Бэйн-Хипкисс явно взволнован. Почему бы и нет? Это волнующая история. В мире полно вещей, вызывающих отвращение. Не всё в жизни — «Виставижн» и «тандербёрдз». Даже шоколадки «Марс» обладают скрытой сутью, опасной в глубине. Искоренением риска пусть занимаются женские организации и фонды, лишь меньшинство — увы! — может быть великими грешниками.

— Вот так я и стал убежденным антиклерикалом.

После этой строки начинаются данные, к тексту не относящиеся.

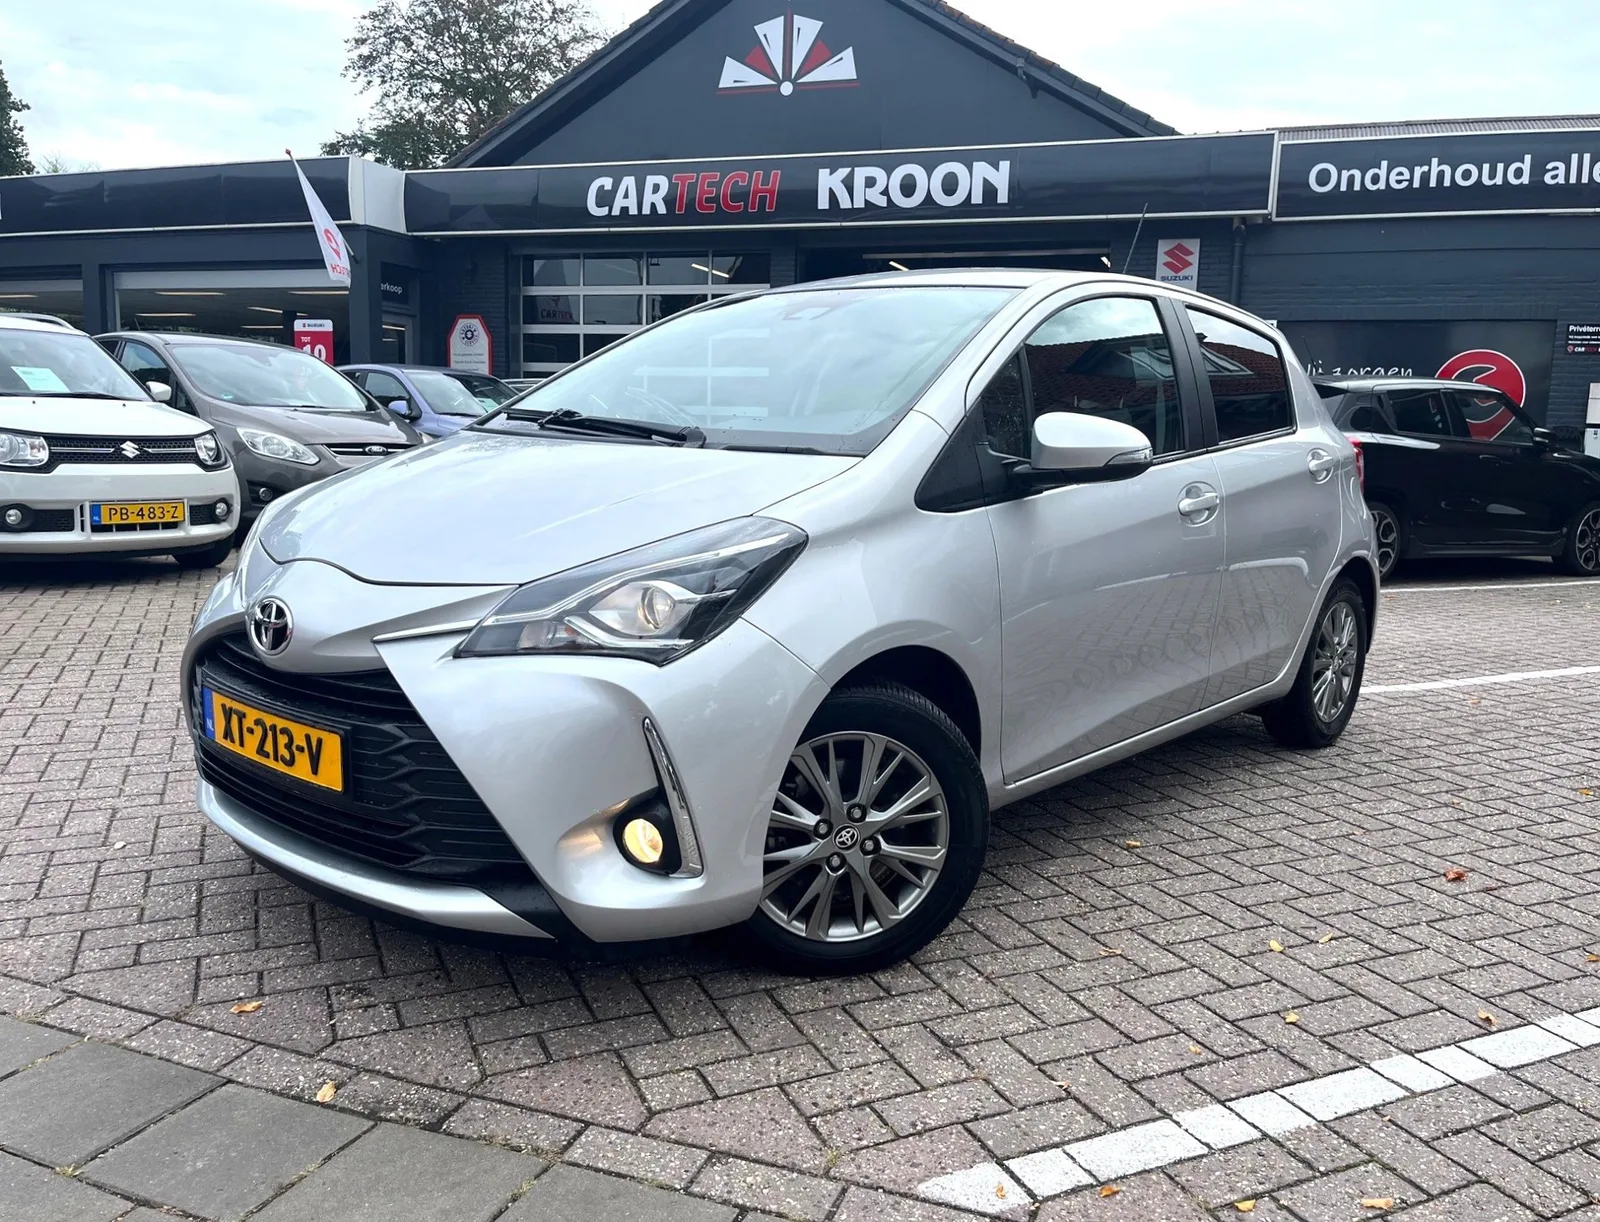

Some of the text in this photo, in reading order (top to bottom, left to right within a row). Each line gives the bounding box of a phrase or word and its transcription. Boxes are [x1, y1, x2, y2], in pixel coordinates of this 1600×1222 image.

[586, 160, 1011, 217] CARTECH KROON
[1308, 154, 1532, 193] Onderhoud
[108, 505, 179, 521] PB-483-Z
[206, 718, 215, 732] NL
[220, 703, 323, 776] XT-213-V

Не любил больше Господа, ежился от слов «сын мой», бежал от ряс, где бы они ни появлялись, предавал анафеме все, что прилично, богохульствовал, писал поганые лимерики с рифмой «монашка-какашка», словом, был в упоительном полном отлучении. Потом мне стало ясно, что это не игра в одни ворота, как казалось вначале, что за мною погоня.

— А…

— Это открылось мне благодаря брату-расстриге из Ордена Гроба Господня, человеку не слишком сообразительному, но сохранившему добро в тайниках сердца, он восемь лет проработал поваром в епископском дворце. Он утверждал, что на стене в кабинете епископа висит карта, и в нее воткнуты булавки, отмечающие тех из епархии, чьи души под вопросом.

— Господи всемогущий! — ругается Бэйн-Хипкисс, мне кажется, или тут слабо веет…

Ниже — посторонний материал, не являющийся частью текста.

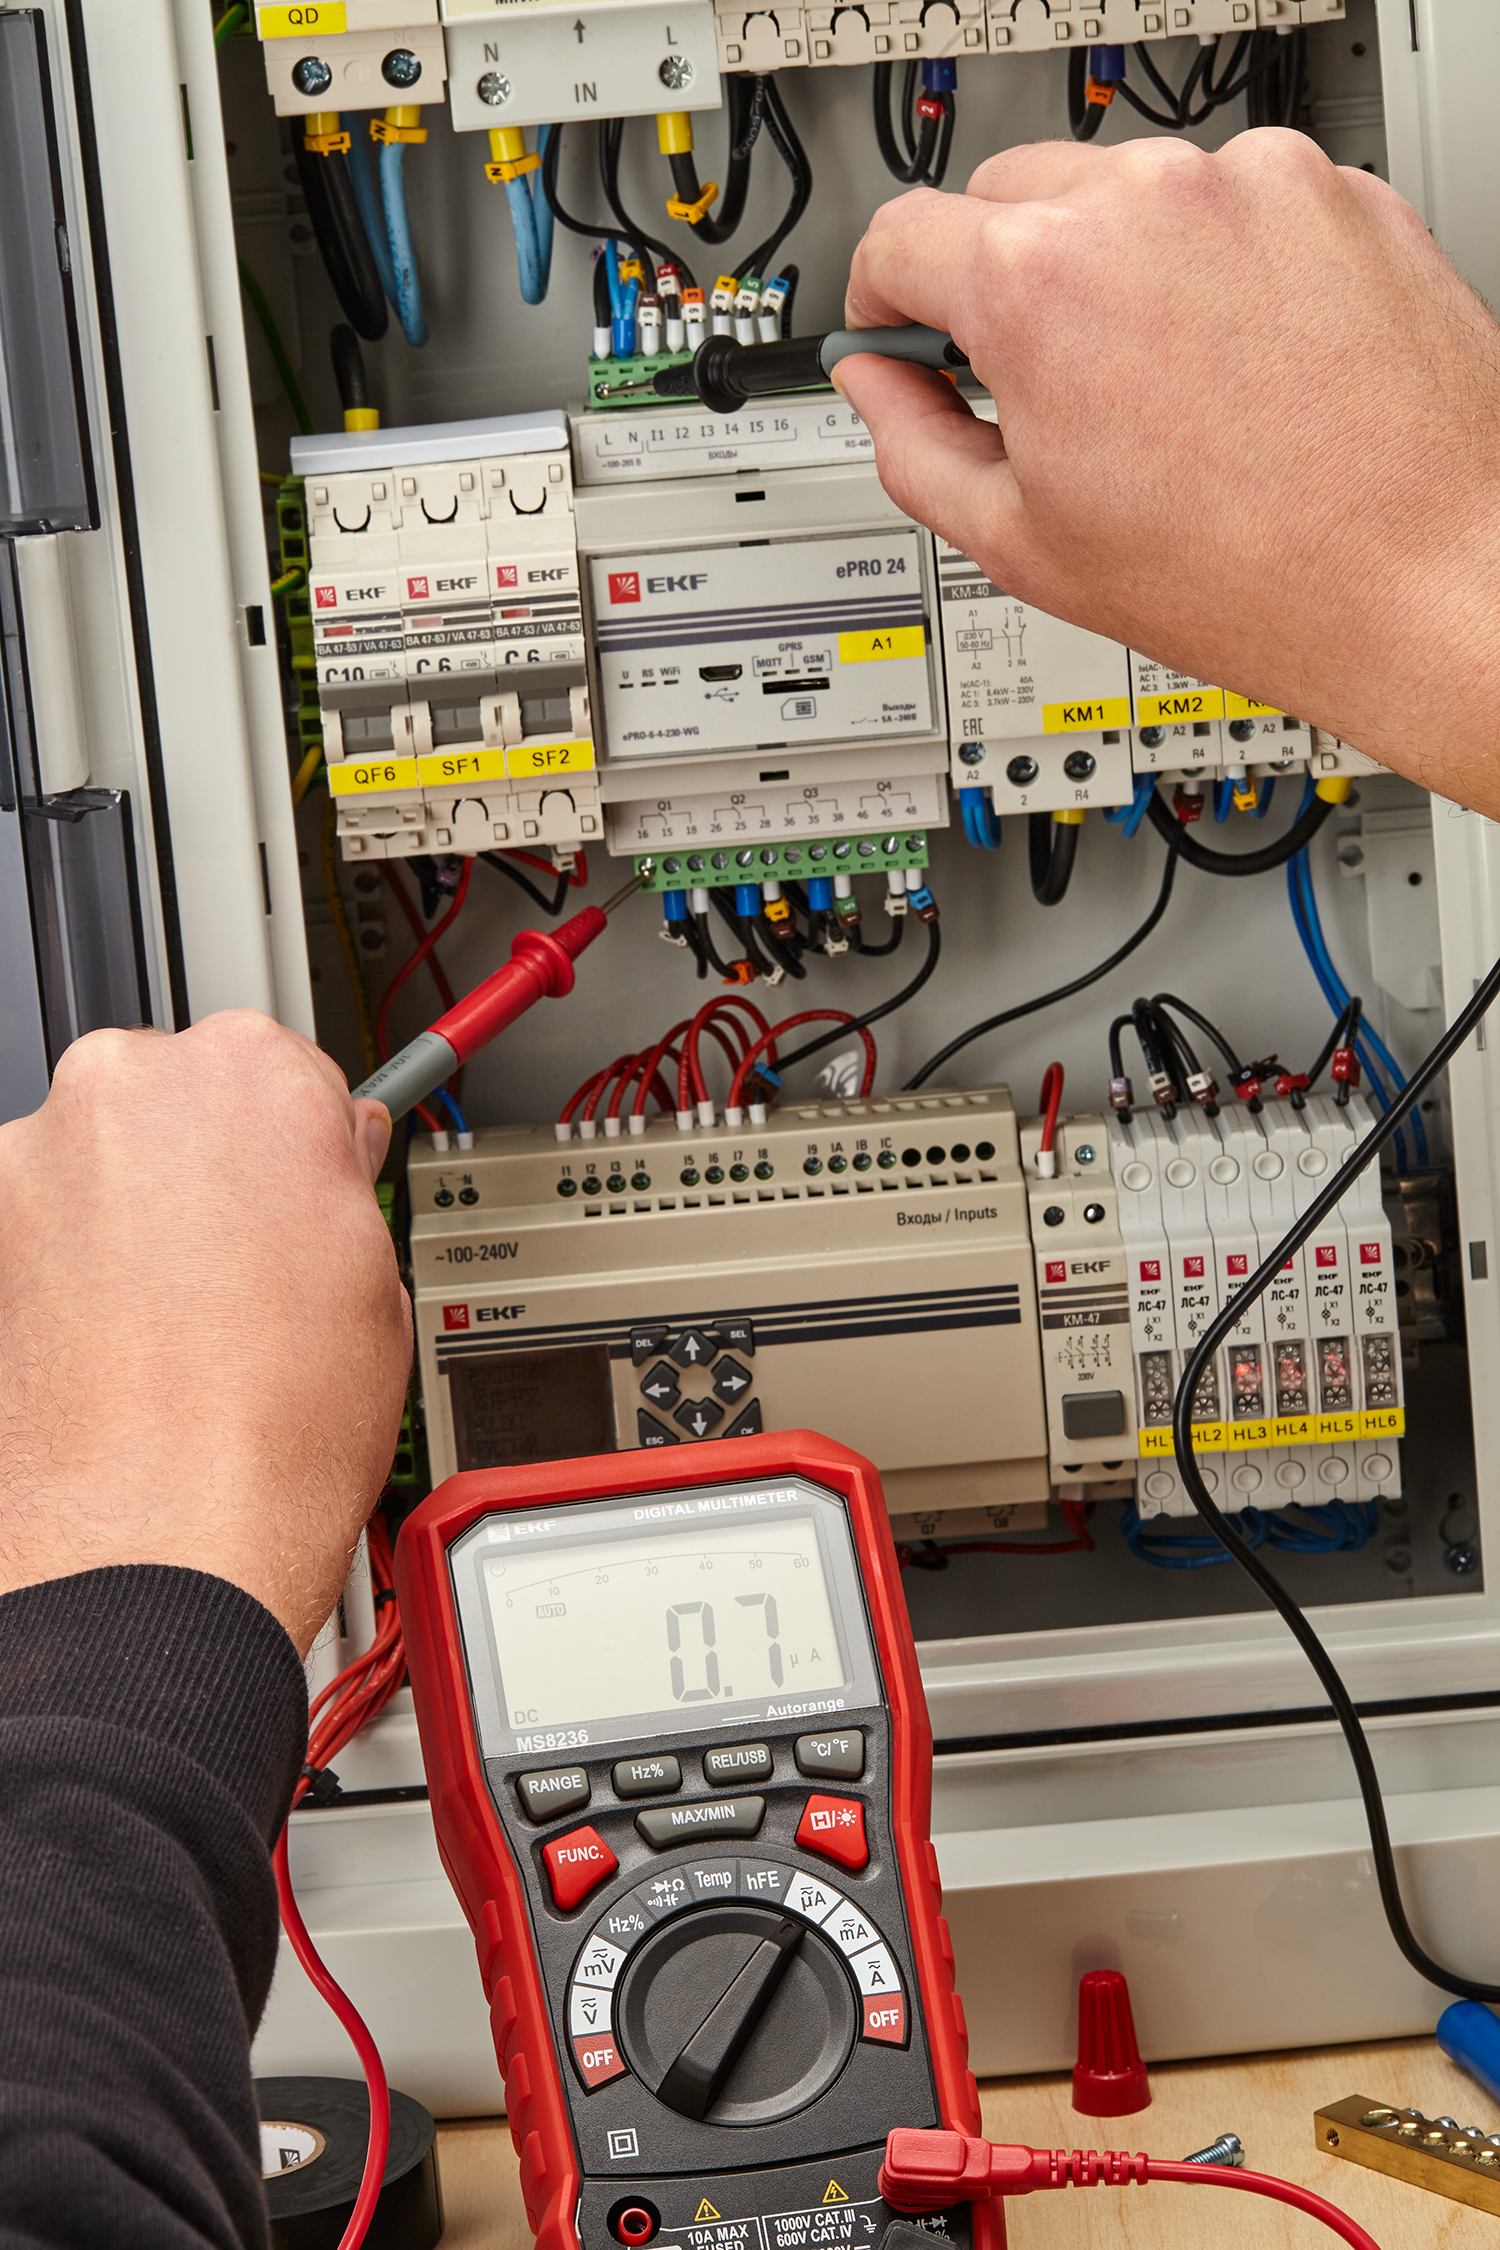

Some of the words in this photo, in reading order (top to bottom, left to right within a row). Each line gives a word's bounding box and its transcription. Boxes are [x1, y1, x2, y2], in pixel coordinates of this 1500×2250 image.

— Она дисциплинированно обновляется коадъютором, довольно политизированным человеком. Каковыми, по моему опыту, являются большинство церковных функционеров ниже епископского ранга. Парадоксально, но сам епископ — святой.

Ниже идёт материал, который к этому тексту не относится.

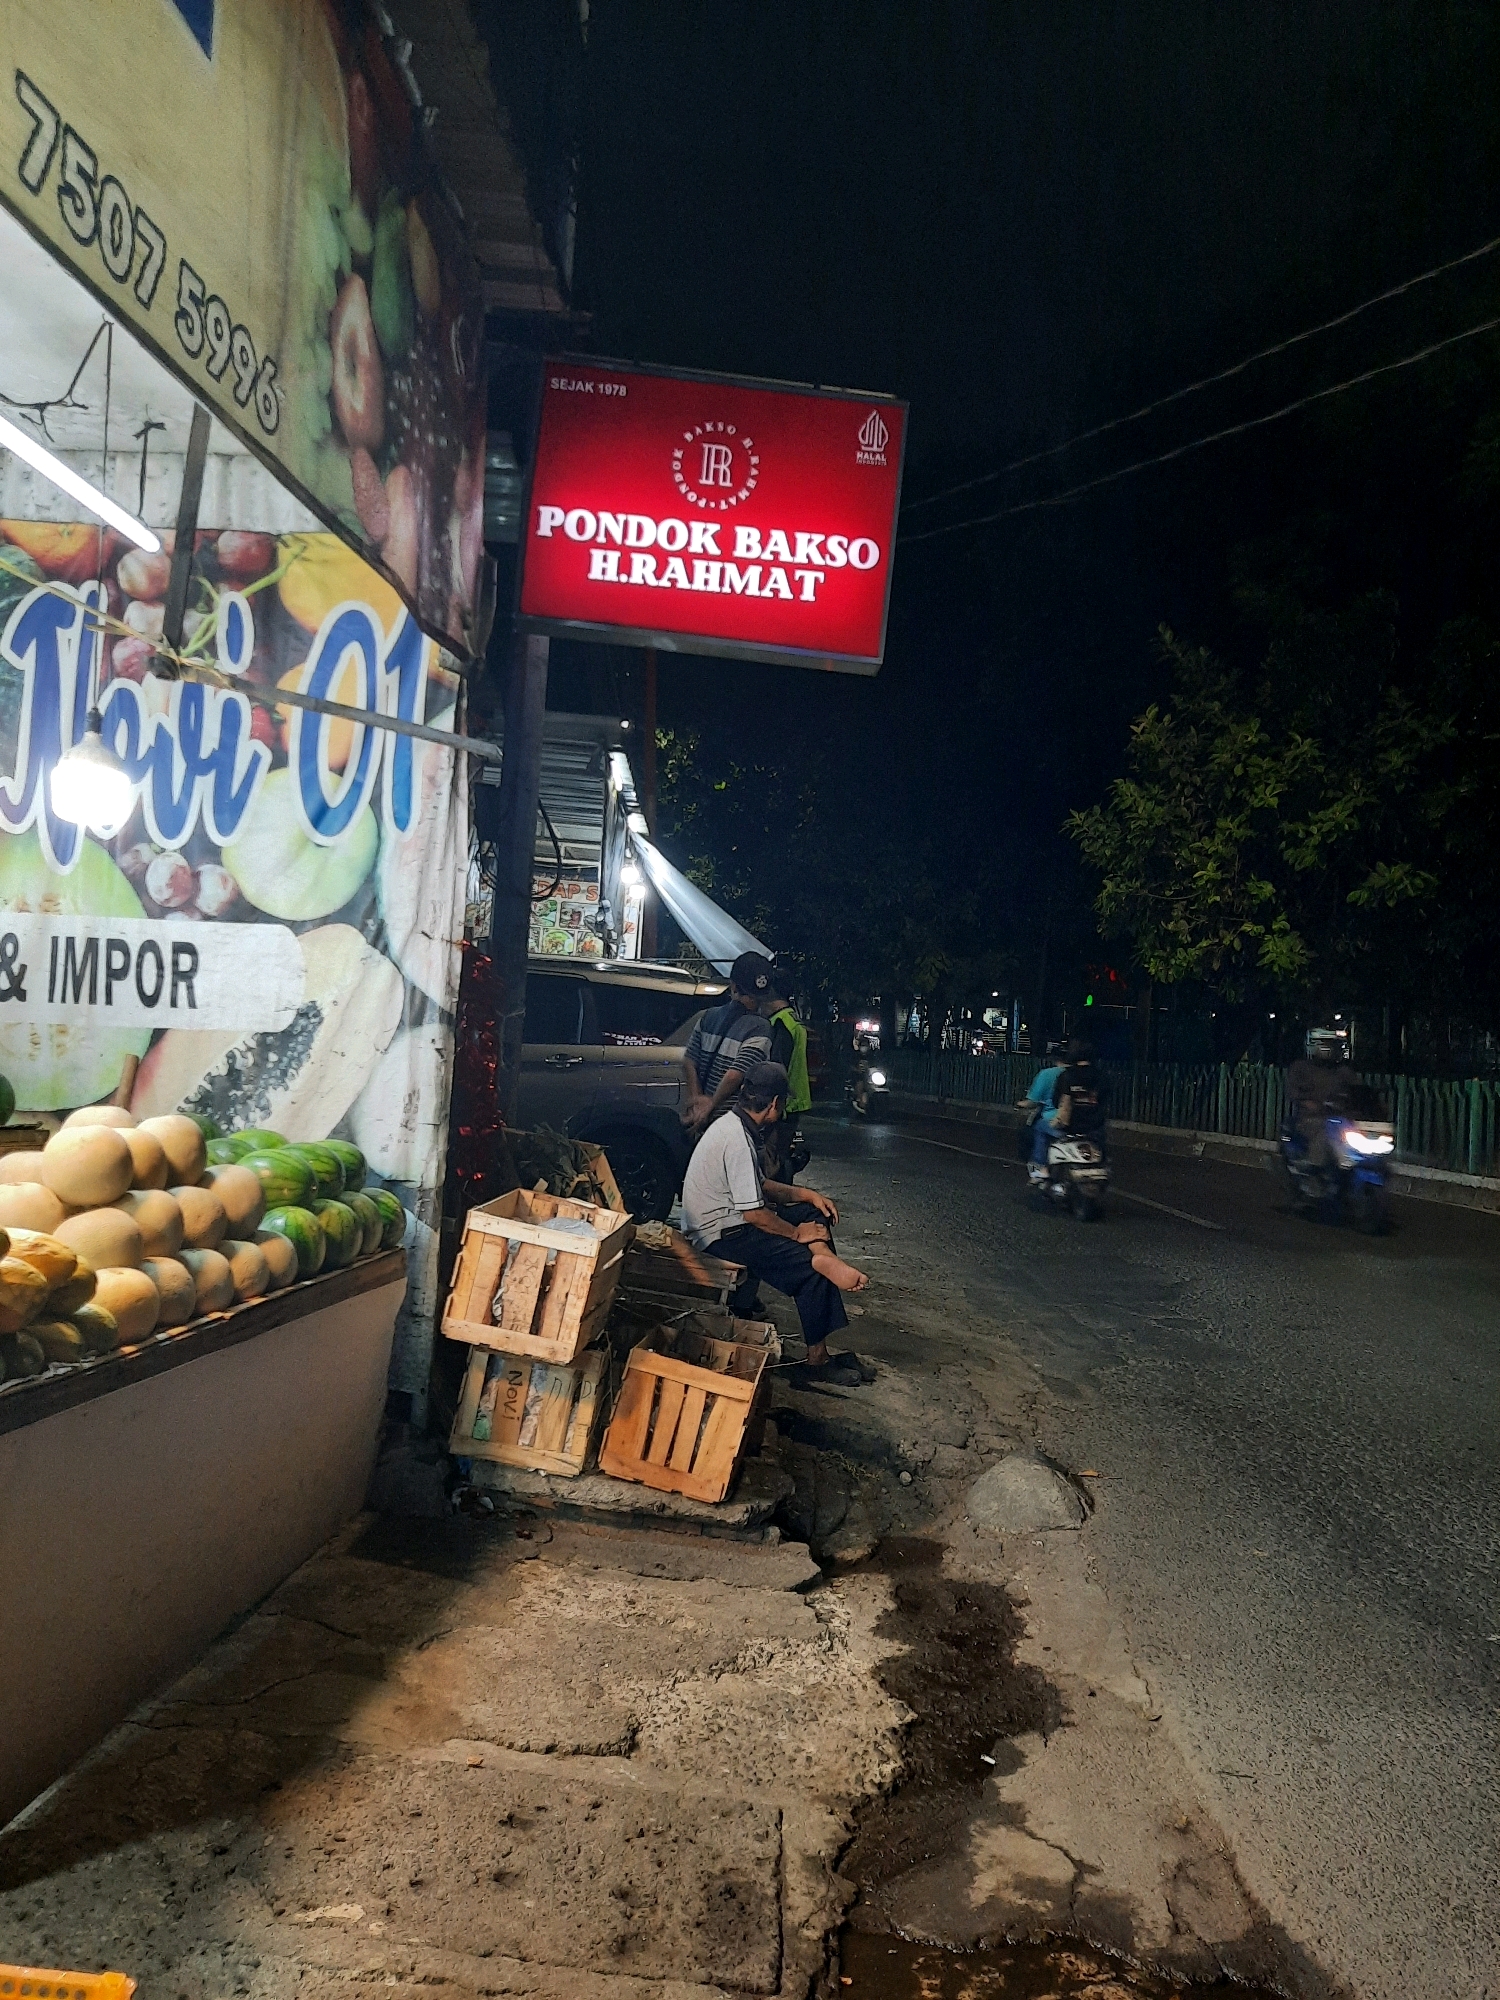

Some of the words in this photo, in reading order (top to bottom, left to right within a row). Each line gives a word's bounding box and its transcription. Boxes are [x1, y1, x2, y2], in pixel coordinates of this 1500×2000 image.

[15, 69, 167, 311] 7507
[174, 257, 281, 436] 5996
[550, 377, 595, 394] SEJAK
[598, 382, 627, 397] 1978
[683, 421, 737, 443] BAKSO
[856, 451, 887, 462] HALAL
[671, 447, 708, 509] PONDOK
[537, 506, 721, 556] PONDOK
[732, 526, 880, 570] BAKSO
[587, 548, 825, 602] H.RAHMAT
[47, 935, 200, 1010] IMPOR

Бэйн-Хипкисс смотрит недоверчиво:

— Вы все еще верите в святых?

— Я верю в святых, святую воду,

коробки для пожертвований,

пепел в Пепельную Среду,

лилии на Пасху,

ясли, кадила, хоры,

стихари, библии, митры, мучеников,

красные огоньки,

дам из Алтарного Общества,

Рыцарей Колумба,

сутаны и лампады,

божий промысел и индульгенции,

в силу молитвы,

Преосвященства и Высокопреподобия,

дарохранительницы и дароносицы,

звон колоколов и пение людей,

вино и хлеб,

Сестер, Братьев, Отцов,

право убежища,

первосвятительство Папы Римского,

буллы и конкордаты,

Указующий Перст и Судный День,

в Рай и Ад,

я верю во все это. В это невозможно не верить. Оттого-то все так сложно.

— Но тогда…

— Баскетбол. В него я не верю.

Но это не все, это был первый ритуал, открывший мне возможность других ритуалов, других праздников, например, «Крови Дракулы», «Поразительного Колосса», «Оно покорило мир». В силах ли Бэйн-Хипкисс постичь этот славный теологический вопрос: каждый верит во что может и следует за этим видением, что столь ярко возвышает и унижает мир? Оставшись в темноте, наедине с собой, каждый жертвует «Поразительному Колоссу» все надежды и желания, пока епископ рассылает свои патрули, хитрых старых попов, величавые парочки монахинь с простыми поручениями, я помню год, когда все носили черное, как я нырял в парадные, как непристойно спешил, переходя улицу!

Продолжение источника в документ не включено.